Она бесцеремонно положила мне на тарелку котлету, пару ломтей варёной колбасы и картошку, положила что-то ребятам, и удалилась с чувством выполненного долга. Раздражает… но уже немного привык к такой бесцеремонности.

— Всё хорошо? — будто почувствовав моё состояние, подошла мама, положив мне руку на плечо, — Принести чего-нибудь?

— Нет, спасибо… — улыбаюсь, на миг прижавшись щекой к её ладони. Улыбнувшись ответно, она отошла, прошлась по рядам и упорхнула на кухню.

Здесь вообще не принято, чтобы женщина, хоть как-то причастная к празднованию, засиживалась за столом. Даже если нет особой нужды, а на кухне и без того полно народа, необходимо хотя пройтись, предложить еды, положить её на тарелки… Словом, продемонстрировать всё то, что в настоящем времени считается качествами хорошей хозяйки.
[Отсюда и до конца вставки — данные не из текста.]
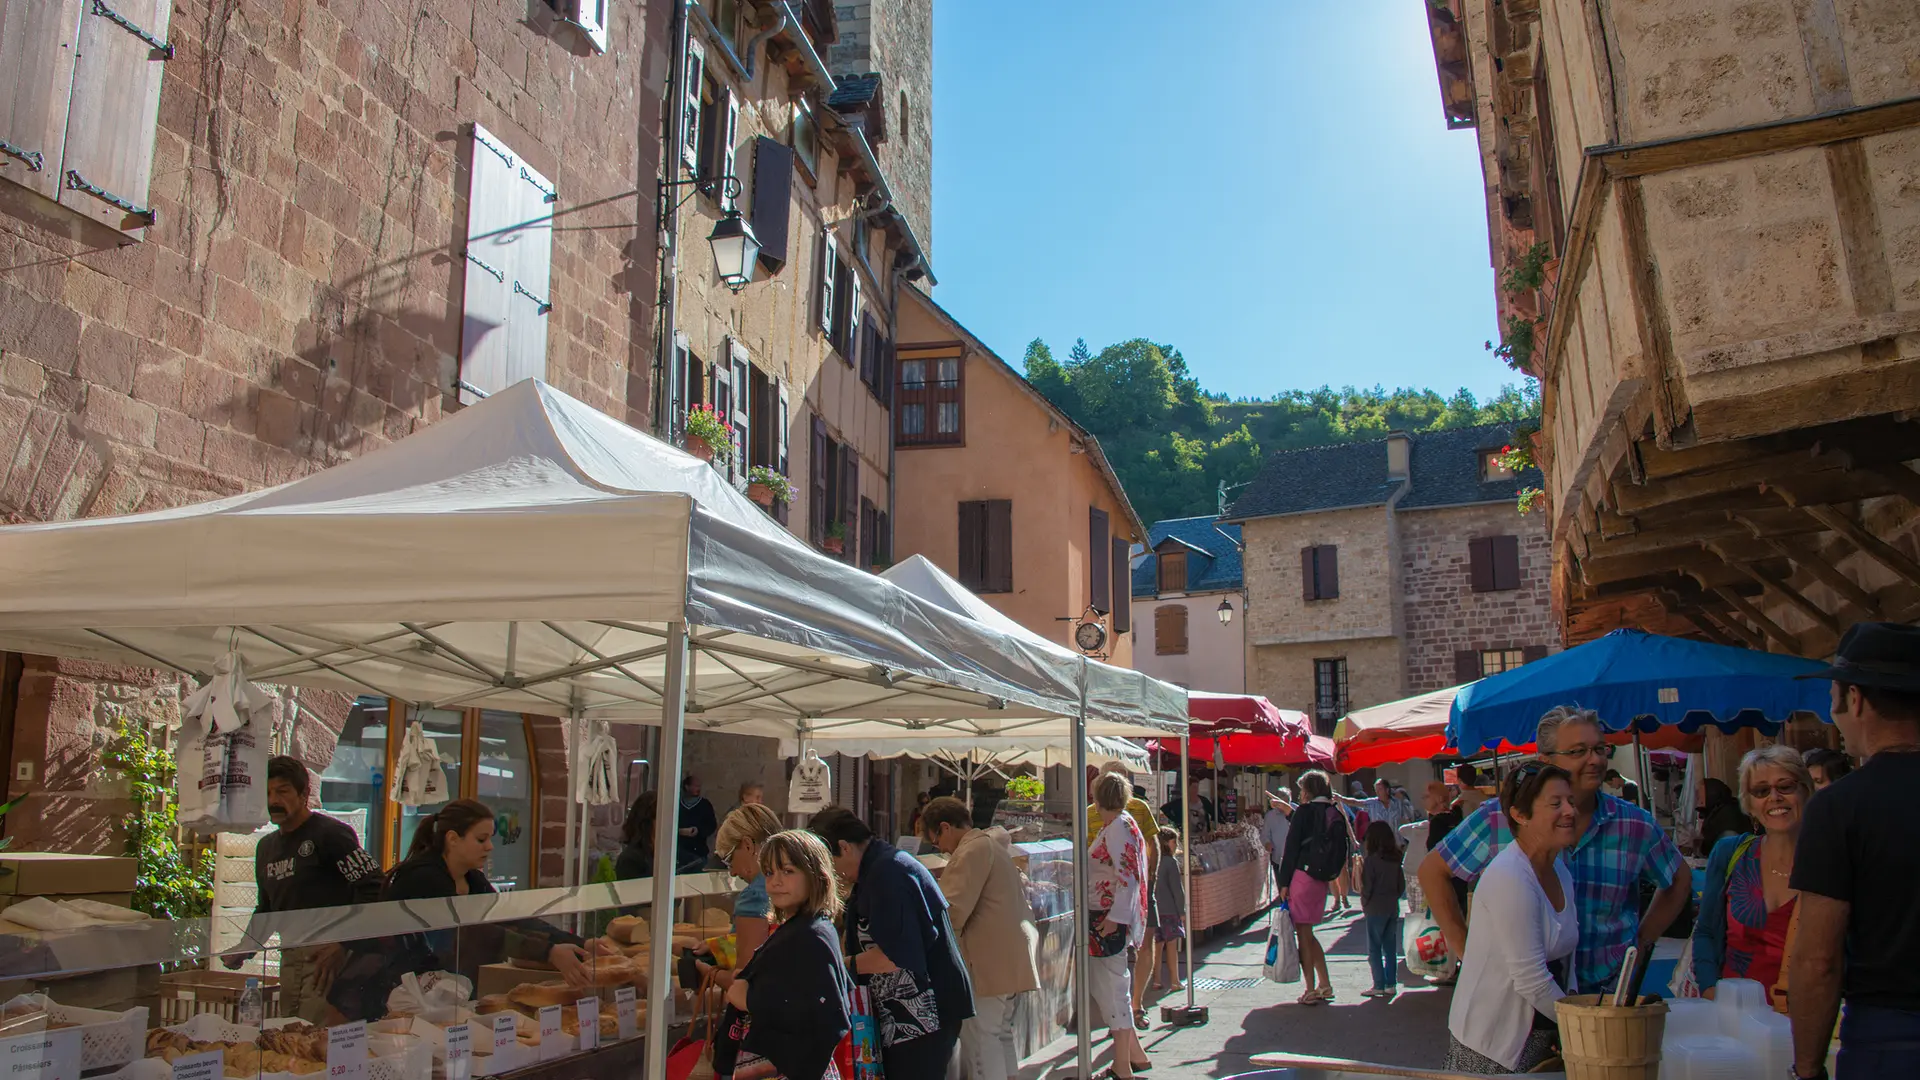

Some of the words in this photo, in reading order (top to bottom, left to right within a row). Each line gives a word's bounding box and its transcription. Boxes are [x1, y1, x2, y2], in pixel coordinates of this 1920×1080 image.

— Шумел камыш… — завели отдохнувшие бабоньки, и я, отодвинув от края тарелку, встал из-за стола, не дожидаясь продолжения. Нет, песни хорошие… и поют неплохо, я бы даже сказал — на удивление неплохо. Но настроения нет, да и вообще… от этих песен осознание, в каком времени я оказался, становится необыкновенно ярким, и, честно говоря, не добавляет настроения.

— Контрольный попис? — невинно поинтересовался Ванька, косясь по сторонам.

— Как? — переспросил, подставляясь, Борис-со-шрамом, повернувшись от подруги.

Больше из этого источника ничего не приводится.